SELECT student_name, score,
RANK() OVER (ORDER BY score ASC ROWS BETWEEN 1 PRECEDING AND 1 FOLLOWING) AS rank_of_score
FROM scores;
The output is:
+--------------+-------+---------------+
| student_name | score | rank_of_score |
+--------------+-------+---------------+
| Alice | 50 | 1 |
| Bob | 60 | 2 |
| Charlie | 70 | 2 |
| David | 80 | 3 |
| Eve | 90 | 4 |
+--------------+-------+---------------+
The output shows that the RANK()
function assigns ranks to the students based on their score in ascending order within the frame of rows. For example, Alice has the lowest score of 50, so she has a rank of 1. Bob has the second lowest score of 60, so he has a rank of 2. Charlie has the same score as Bob, so he also has a rank of 2. David has the third lowest score of 80, so he has a rank of 3. Eve has the highest score of 90, so she has a rank of 4. If two or more students have the same score, they are assigned the same rank, and the next rank is skipped. For example, Bob and Charlie have the same score of 60, so they are assigned the same rank of 2, and the next rank is 4.
Related Functions
There are some other functions that are related to the RANK()
function, such as:
DENSE_RANK()
: This function is similar to theRANK()
function, but it does not skip any ranks if there are ties. The syntax of the function isDENSE_RANK() OVER (window_definition)
, wherewindow_definition
is the same as in theRANK()
function. The function returns an integer value that represents the dense rank of the row within the partition of the result set. For example, if the values are 1, 2, 2, 3, the ranks are 1, 2, 2, 3, and the dense ranks are 1, 2, 2, 3.ROW_NUMBER()

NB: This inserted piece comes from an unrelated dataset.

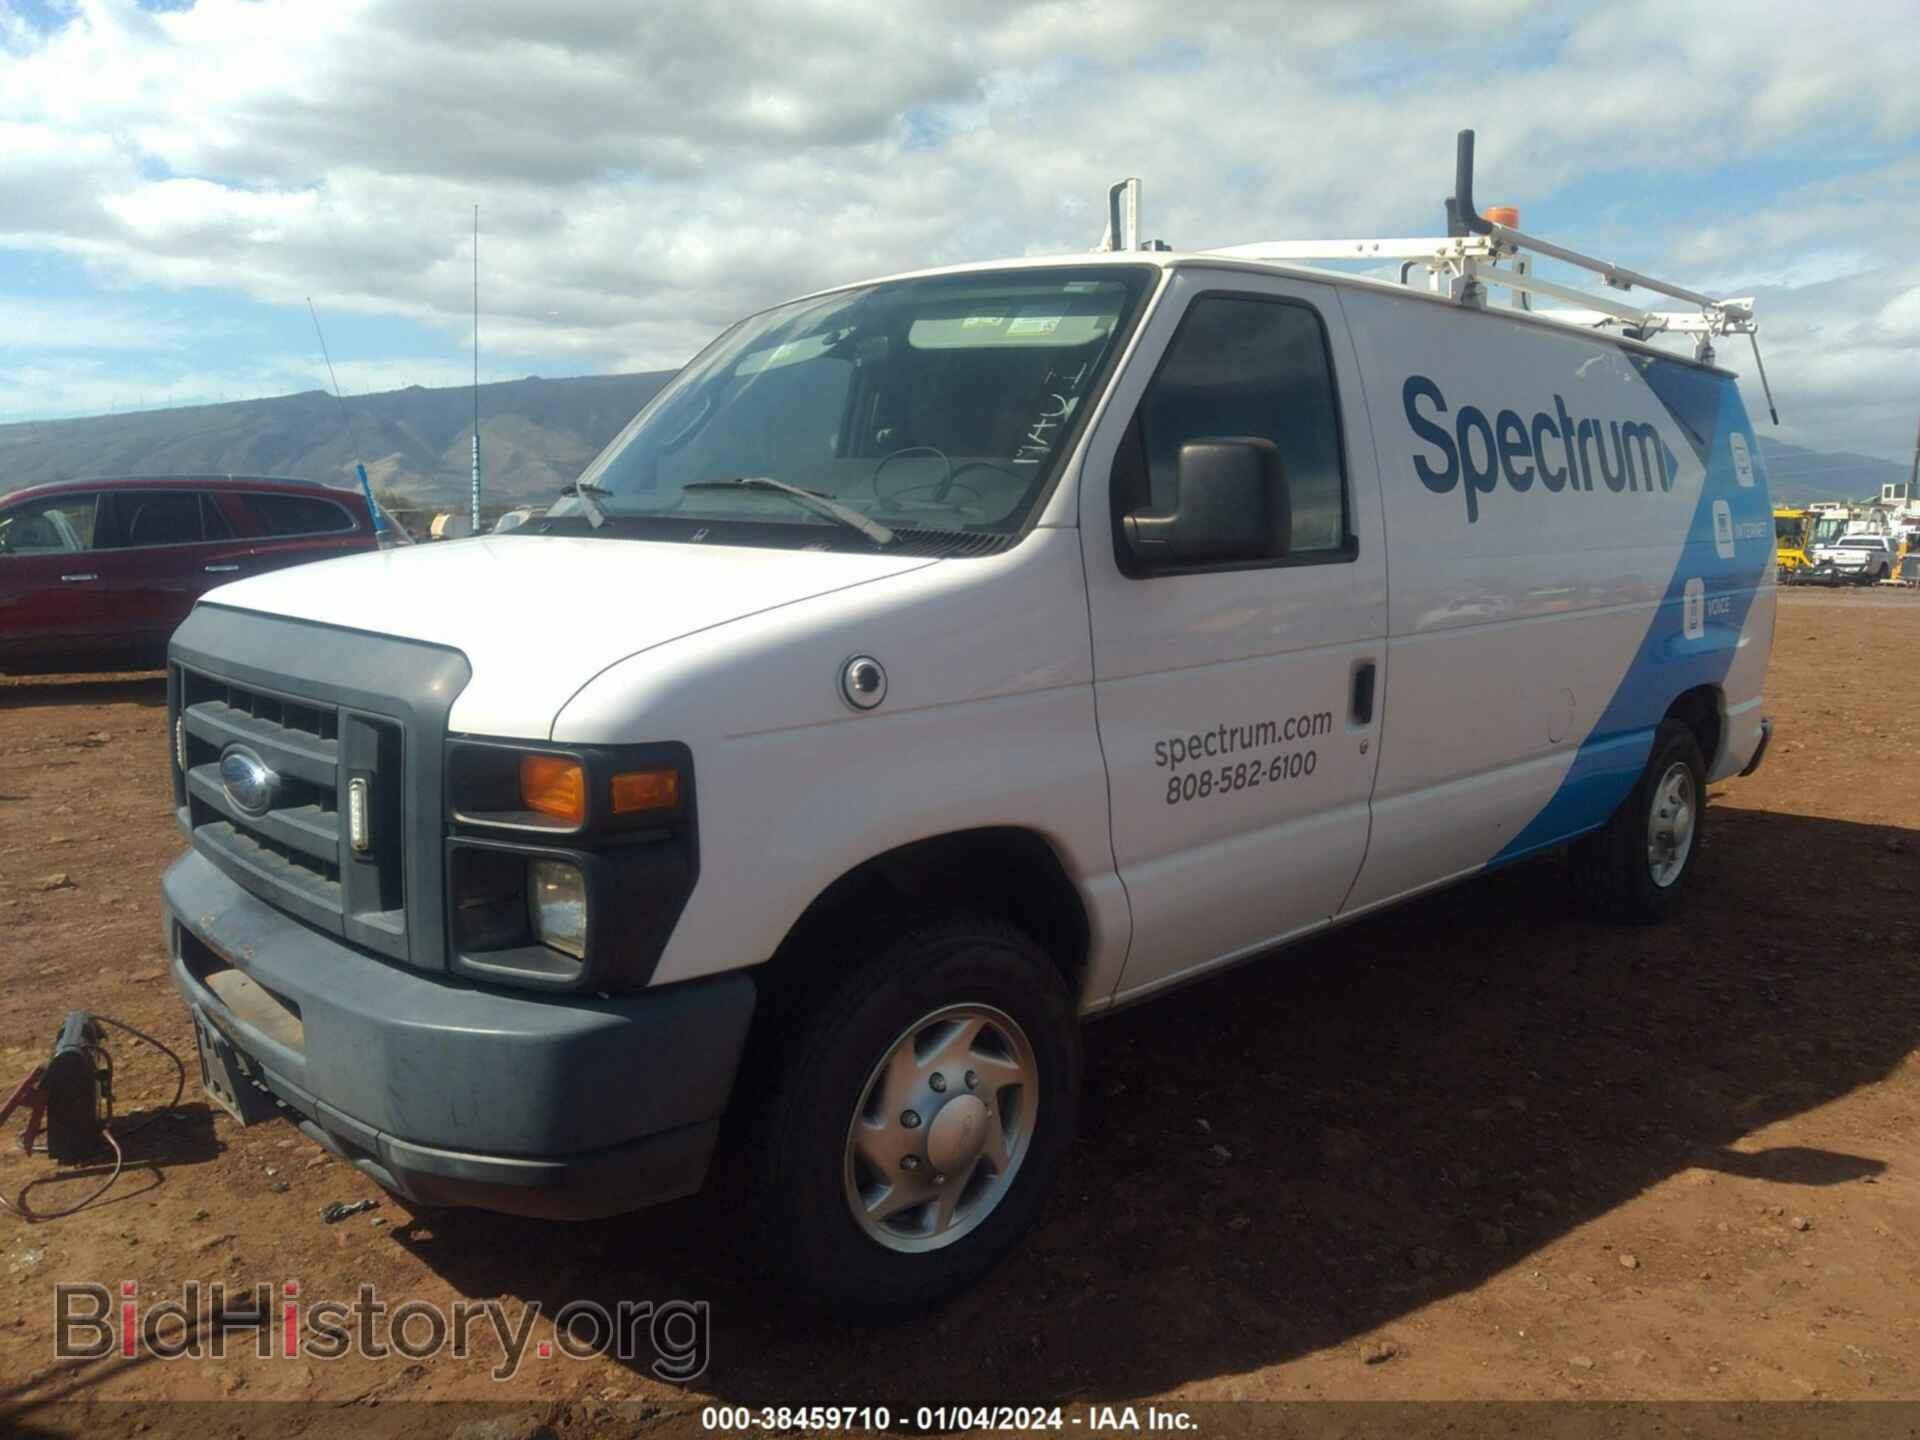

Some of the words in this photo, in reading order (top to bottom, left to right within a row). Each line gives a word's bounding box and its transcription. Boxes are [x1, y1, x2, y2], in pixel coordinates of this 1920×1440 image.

: This function returns the sequential number of a row within a partition of a result set. The syntax of the function isROW_NUMBER() OVER (window_definition)
, wherewindow_definition
is the same as in theRANK()
function.NTILE()
: This function returns the bucket number of a row within a partition of a result set. The buckets are divided into a specified number of equal groups. The syntax of the function isNTILE(number) OVER (window_definition)
, wherenumber
is an integer expression that specifies the number of buckets, andwindow_definition
is the same as in theRANK()
function. The function returns an integer value that represents the bucket number of the row within the partition of the result set. For example, if the number of buckets is 4, the values are 1, 2, 3, 4, 5, 6, 7, 8, the bucket numbers are 1, 1, 2, 2, 3, 3, 4, 4.
Conclusion
The RANK()
function is a useful function to return the rank of a row within a partition of a result set. The rank of a row is determined by the order of the values in the ORDER BY
clause of the window definition. The rank of a row is one plus the number of rows that precede it with a lower or equal value. If two or more rows have the same value, they are assigned the same rank, and the next rank is skipped. The function can be used to perform various calculations and analysis involving ranks, such as finding the top or bottom values, or the percentile of a value. The function takes one argument, which is a window definition that specifies the partitioning and ordering of the result set. The function returns an integer value that represents the rank of the row within the partition of the result set. The function can also be combined with other window functions, such as DENSE_RANK()
, ROW_NUMBER()
, NTILE()
, etc., to perform more complex operations on ranks.